Wheaton maintains a strong academic record with an average of 37 National Merit Finalists. U.S. News and World Report has noted that Wheaton is often called the "Harvard of evangelical colleges."[1]

In 2005, the magazine ranked Wheaton College 52nd out of 217 Best National Liberal Arts Colleges and Wheaton College ranked 9th in the nation in the total number of graduates (all fields) who went on to earn doctorates according to Franklin and Marshall University's latest survey, which included more than 900 private colleges and universities.

Conservatory of Music

Wheaton College is home to a internationally-recognized Conservatory of Music, fully accredited by the National Association of Schools of Music. The Conservatory offers two professional music degrees: the Bachelor of Music (with emphases in performance, composition, history and literature, or elective studies) and the Bachelor of Music Education. 100% of the teaching faculty in the Conservatory hold doctorates. There are approximately 220 music majors in the Conservatory, with a student:faculty ratio of 7:1. Music majors and liberal arts majors alike perform in the Conservatory's six large ensembles: Concert Choir, Jazz Ensemble, Men's Glee Club, Symphonic Band, Symphony Orchestra, and Women's Chorale.

Campus facilities

Wheaton's most recognizable and oldest building is Blanchard Hall, named after the school's first president, Jonathan Blanchard, who hoped to create a building much like ones seen on the campus of Oxford University. Blanchard, a former president of Knox College in Galesburg, Illinois and a staunch abolitionist with ties to Oberlin College, was also responsible for the school's new name (given in honor of trustee and benefactor Warren L. Wheaton); it had been founded in late 1853 as the Illinois Institute, a college and preparatory school founded by Wesleyan Methodists.

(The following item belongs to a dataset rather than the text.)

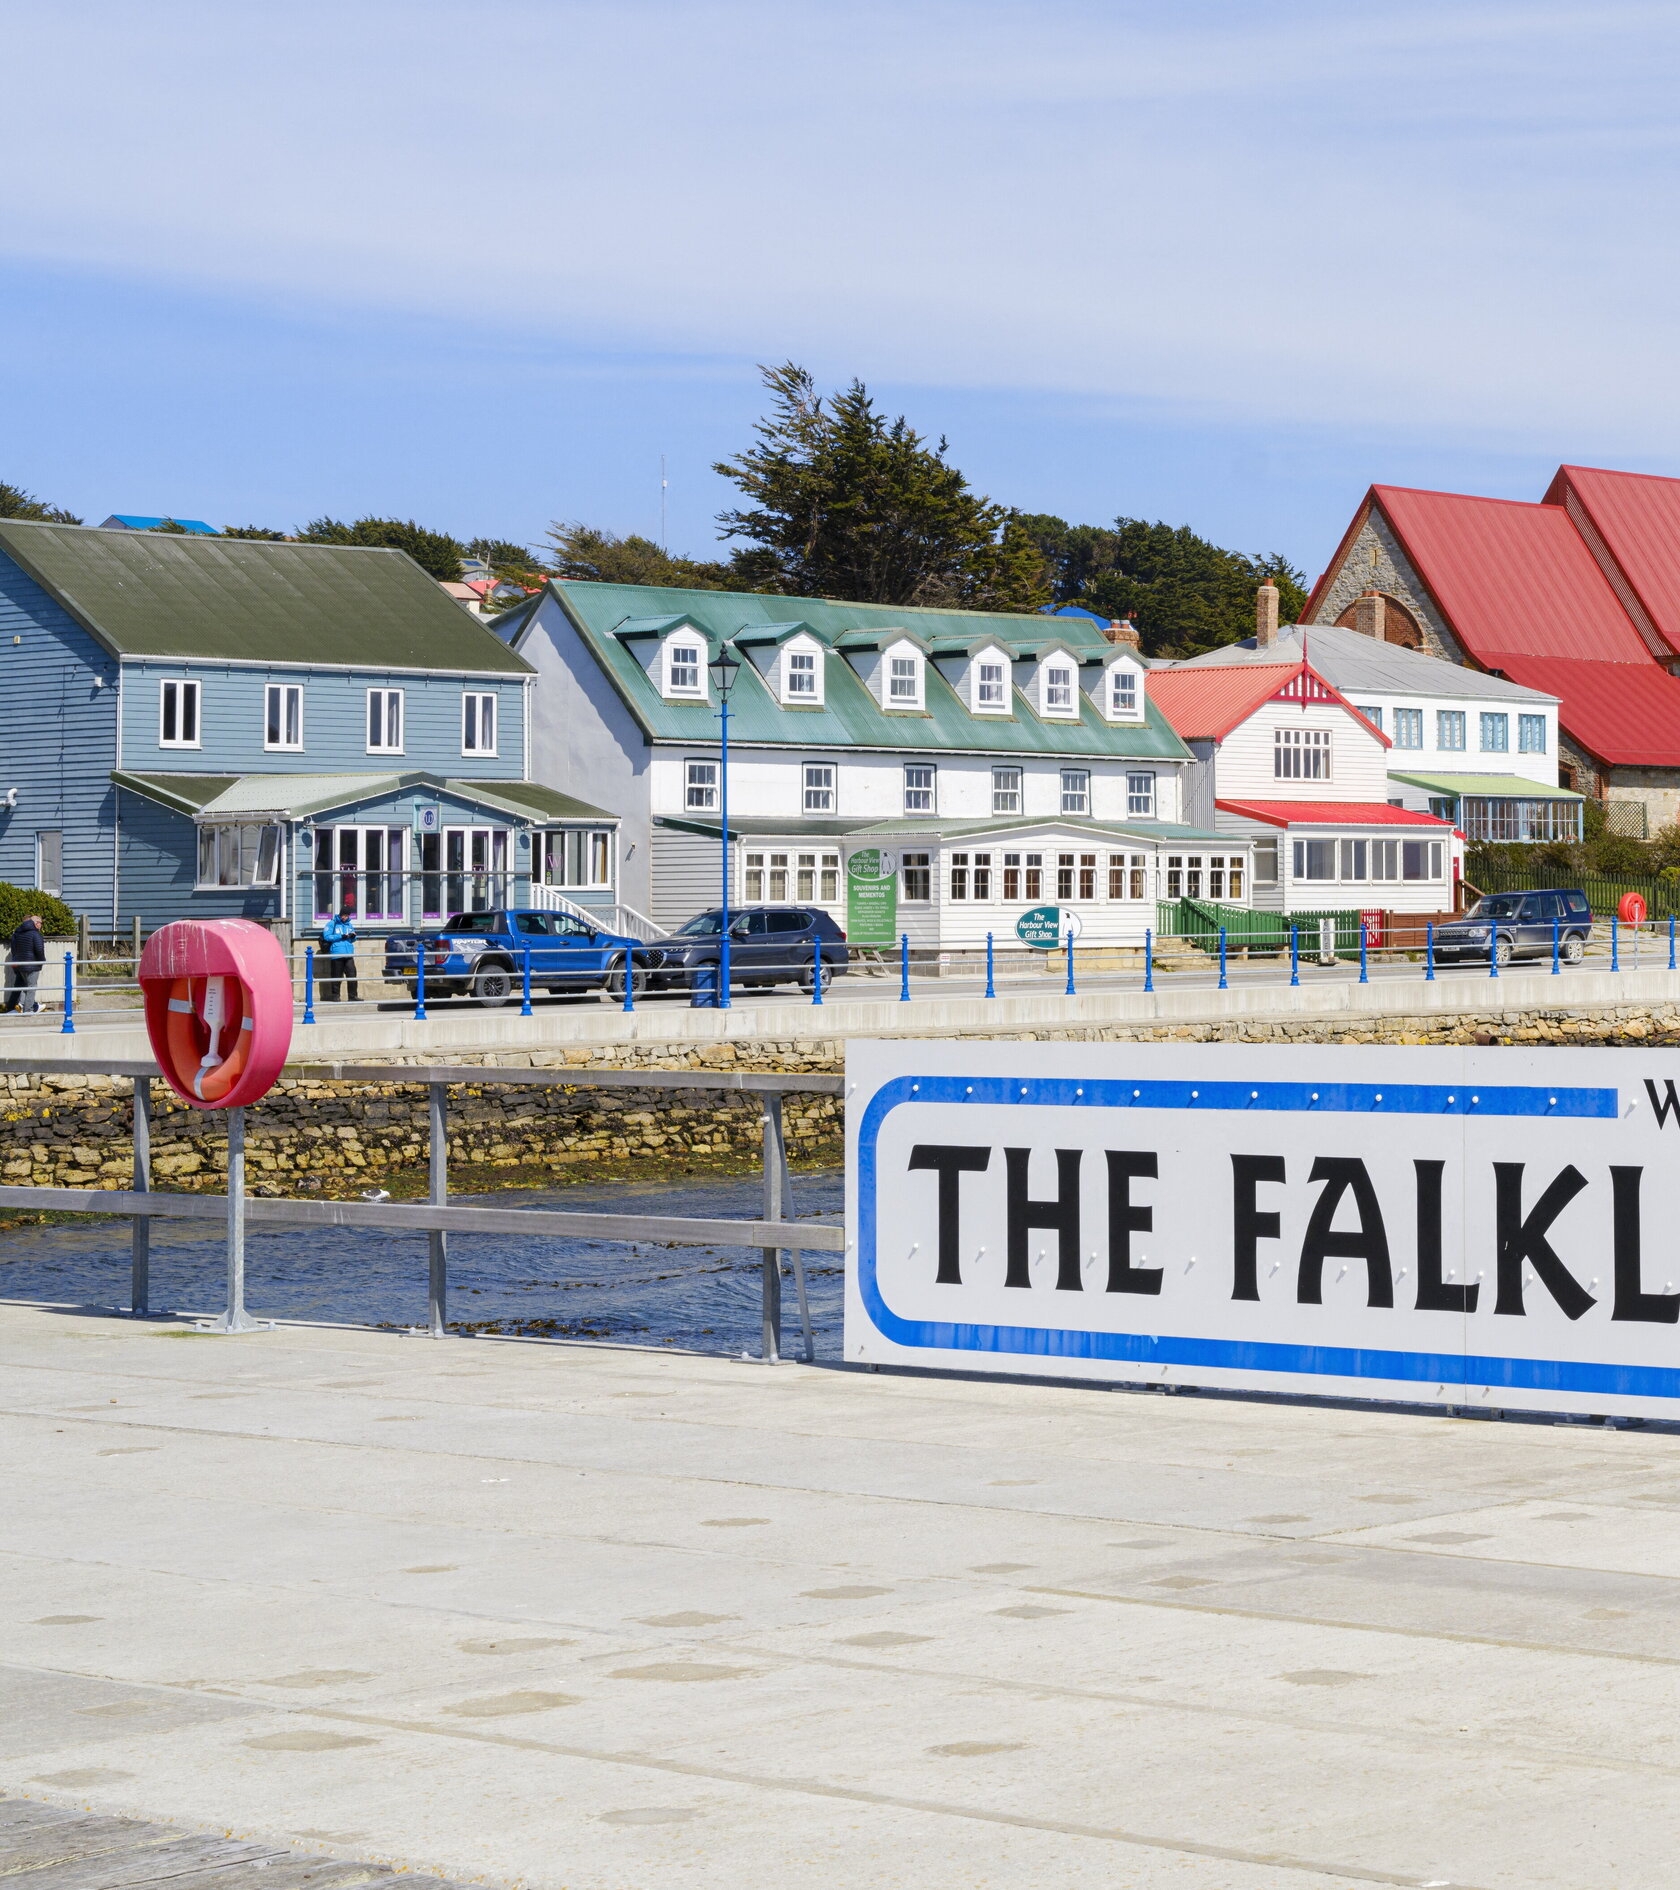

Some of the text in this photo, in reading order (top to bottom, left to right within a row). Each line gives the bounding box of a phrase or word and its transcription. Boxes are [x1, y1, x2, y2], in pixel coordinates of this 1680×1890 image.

[852, 864, 879, 875] Gift Shop
[1038, 930, 1052, 938] Shop
[906, 1144, 1165, 1296] THE

The college's regular chapel services are held in Edman Memorial Chapel, which seats 2400. This facility is also used for many events of Wheaton's performing arts programs.

The campus includes the Billy Graham Center (BGC), named after the college's most well-known graduate. The BGC houses several evangelism institutes, a museum, a library, as well as the Wheaton College Graduate School.

Wheaton College hosts the Marion E. Wade Center, an extensive research library and museum of the books and papers of seven British writers, not all of them commonly associated with the conservative evangelical Protestantism of institutions like Wheaton: C. S. Lewis, G. K. Chesterton, J.R.R. Tolkien, Owen Barfield, Dorothy L. Sayers, George MacDonald, and Charles Williams.

In the fall of 2004 the Todd M. Beamer Student Center was completed. Beamer was a Wheaton alumnus, part of a small group of passengers that most likely thwarted disaster by storming the suicide hijackers and bringing down United Flight 93 in rural Pennsylvania on September 11, 2001.

Criticism and Controversy

Wheaton College has received criticism in recent years from some conservative evangelicals for progressive teachings by some of its faculty. Areas of controversy have included certain evolutionary theories being taught in at least one anthropology course (by a professor who has since left the college), some plays performed in the drama department, and issues regarding the gender of the Godhead. In 2003, at least one conservative Christian group was asked to leave campus by security personnel for displaying signs condemning the school's theology. Debate has continually arisen regarding an unofficial organization of gay, lesbian, and bisexual Wheaton alumni. Conservative critics have said that it has become increasingly difficult for the college to retain its conservative values, citing its location in what they consider to be the liberal suburbs of Chicago.

Conversely, more progressive alumni of Wheaton College have been troubled by what they perceive as a move away from a more open and inclusive community towards a more restrictive and fundamentalist structure. (Or a return to such a structure - the modus operandi of the college during the modernist debate of the early twentieth century [see Hamilton, Fundamentalist Harvard, below].) After a decade of the presidency of J. Richard Chase (1982-1993), who enjoyed great rapport with the faculty, the selection and early presidency of A. Duane Litfin (1993-present) met with its fair share of controversy. Litfin came to Wheaton from a pastorate in an evangelical church and with no experience in higher education administration. In this respect he differed from other short-listed candidates for the presidency of Wheaton College. Throughout the search for a new president of the college, both students, alumni, and faculty expressed through their publications and the Faculty Senate their concern that the college's Board of Trustees was not sufficiently incorporating them into the selection process.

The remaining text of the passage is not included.